▶ _WHAT THE TASK REQUIRES_:
Reproduce the lines from the one holding "Some of the text" to the end of the entries. Include both ends and change nothing.

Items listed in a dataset
*** Block opens ***

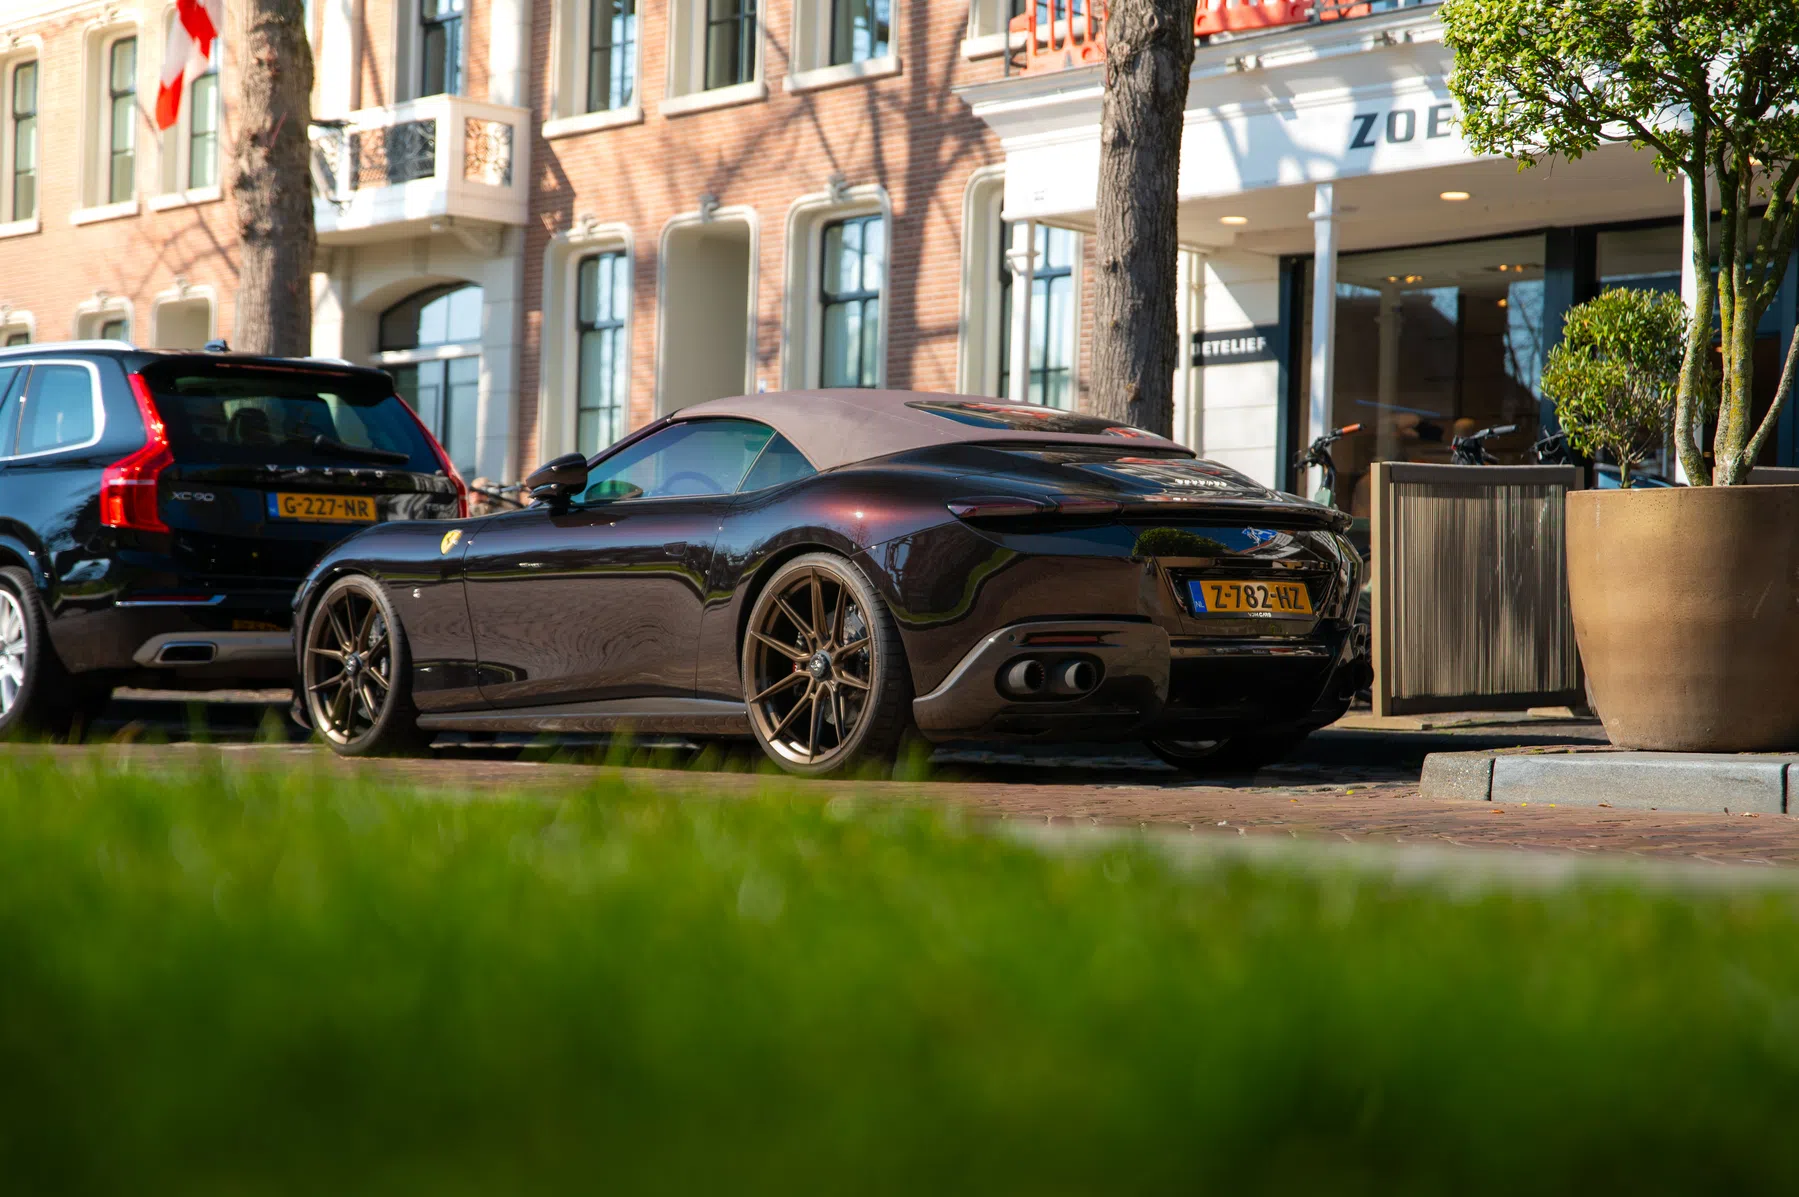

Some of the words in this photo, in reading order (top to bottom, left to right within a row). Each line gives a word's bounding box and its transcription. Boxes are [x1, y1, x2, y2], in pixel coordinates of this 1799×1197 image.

[1350, 103, 1453, 149] ZOE
[265, 464, 384, 478] VOLVO
[284, 497, 369, 517] G-227-NR
[1211, 585, 1305, 609] Z-782-HZ
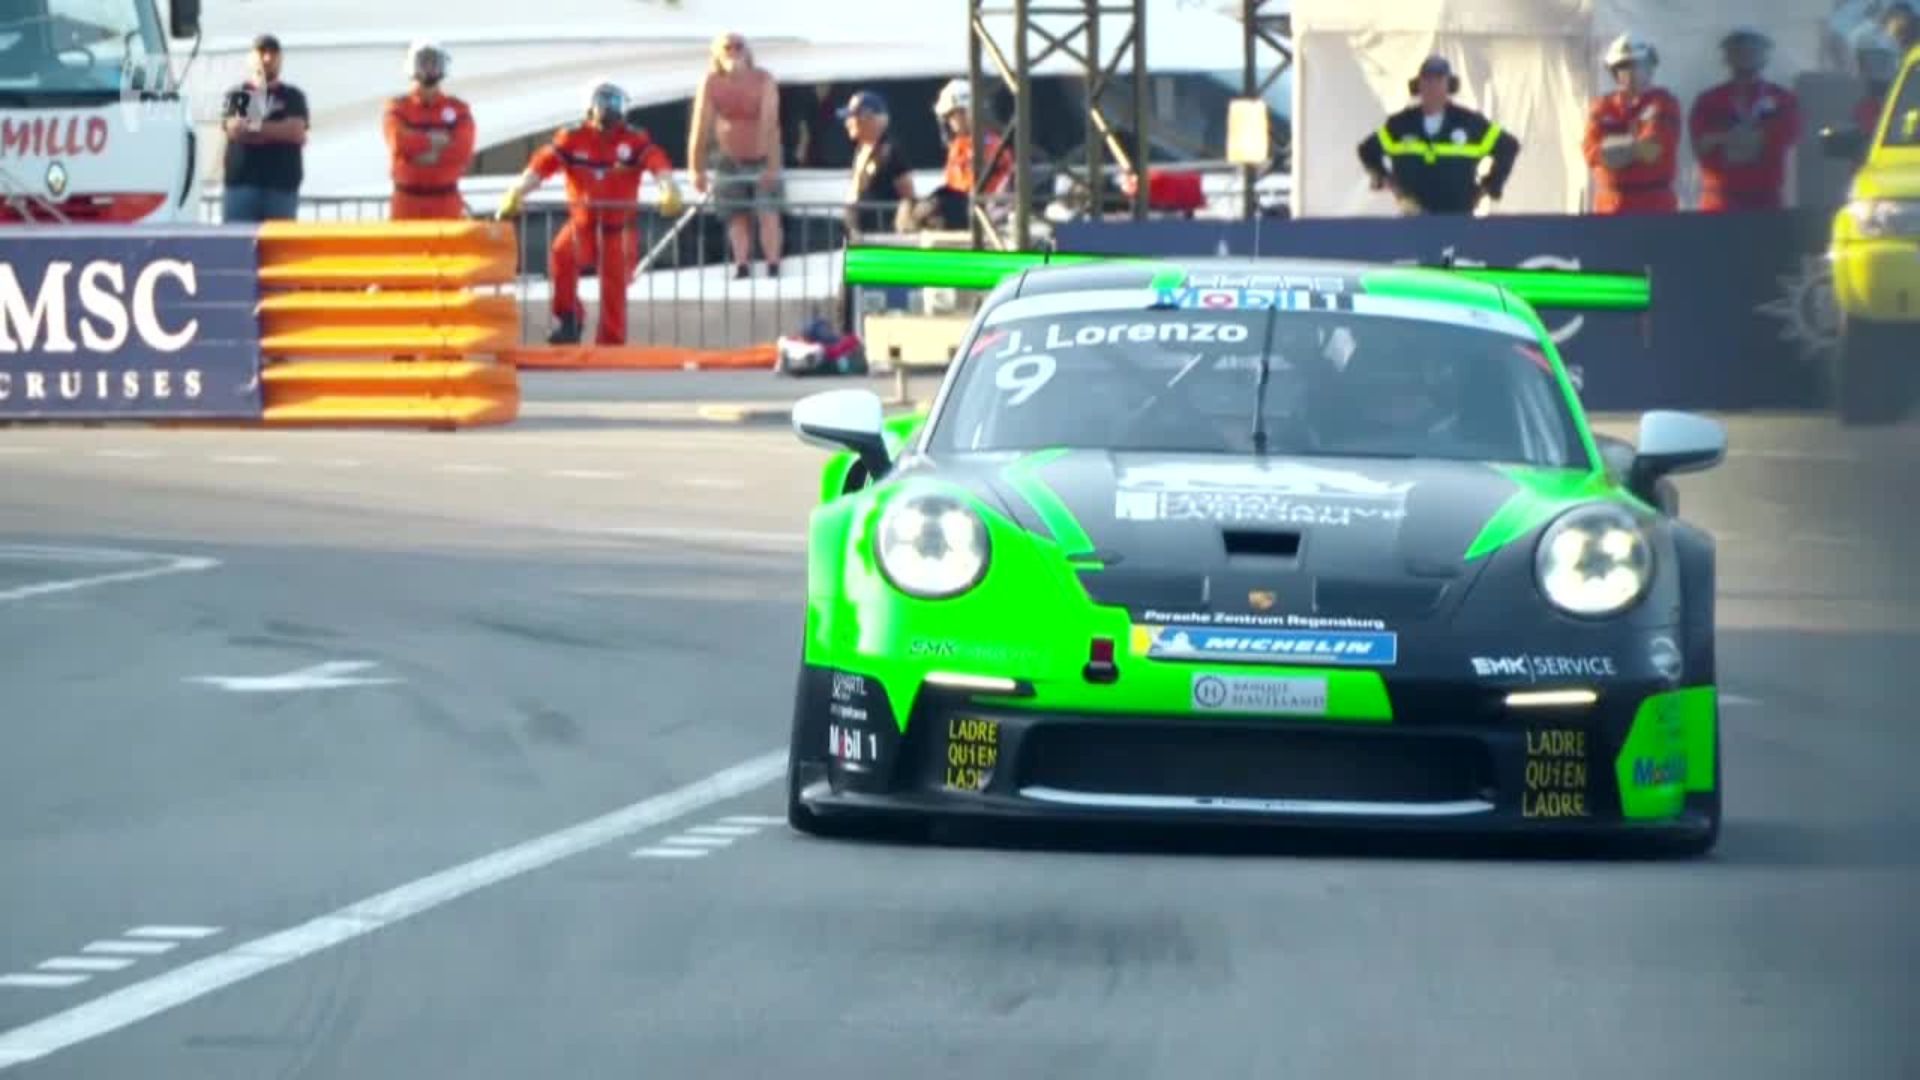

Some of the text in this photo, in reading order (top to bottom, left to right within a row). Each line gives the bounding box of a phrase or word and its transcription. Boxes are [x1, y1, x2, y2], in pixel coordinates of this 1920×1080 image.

[0, 258, 198, 352] MSC
[1046, 321, 1248, 349] Lorenzo
[995, 354, 1057, 405] 9
[1213, 612, 1284, 627] Zentrum
[1287, 614, 1385, 630] Regensburg
[1205, 635, 1373, 655] MICHELIN
[1533, 655, 1618, 676] SERVICE
[949, 719, 998, 744] LADRE
[1526, 731, 1585, 757] LADRE
[868, 733, 877, 761] 1

*** Block closes ***

▶ _RESULT OF THIS EXERCISE_:
Some of the text in this photo, in reading order (top to bottom, left to right within a row). Each line gives the bounding box of a phrase or word and its transcription. Boxes are [x1, y1, x2, y2], in pixel coordinates of this 1920×1080 image.

[0, 258, 198, 352] MSC
[1046, 321, 1248, 349] Lorenzo
[995, 354, 1057, 405] 9
[1213, 612, 1284, 627] Zentrum
[1287, 614, 1385, 630] Regensburg
[1205, 635, 1373, 655] MICHELIN
[1533, 655, 1618, 676] SERVICE
[949, 719, 998, 744] LADRE
[1526, 731, 1585, 757] LADRE
[868, 733, 877, 761] 1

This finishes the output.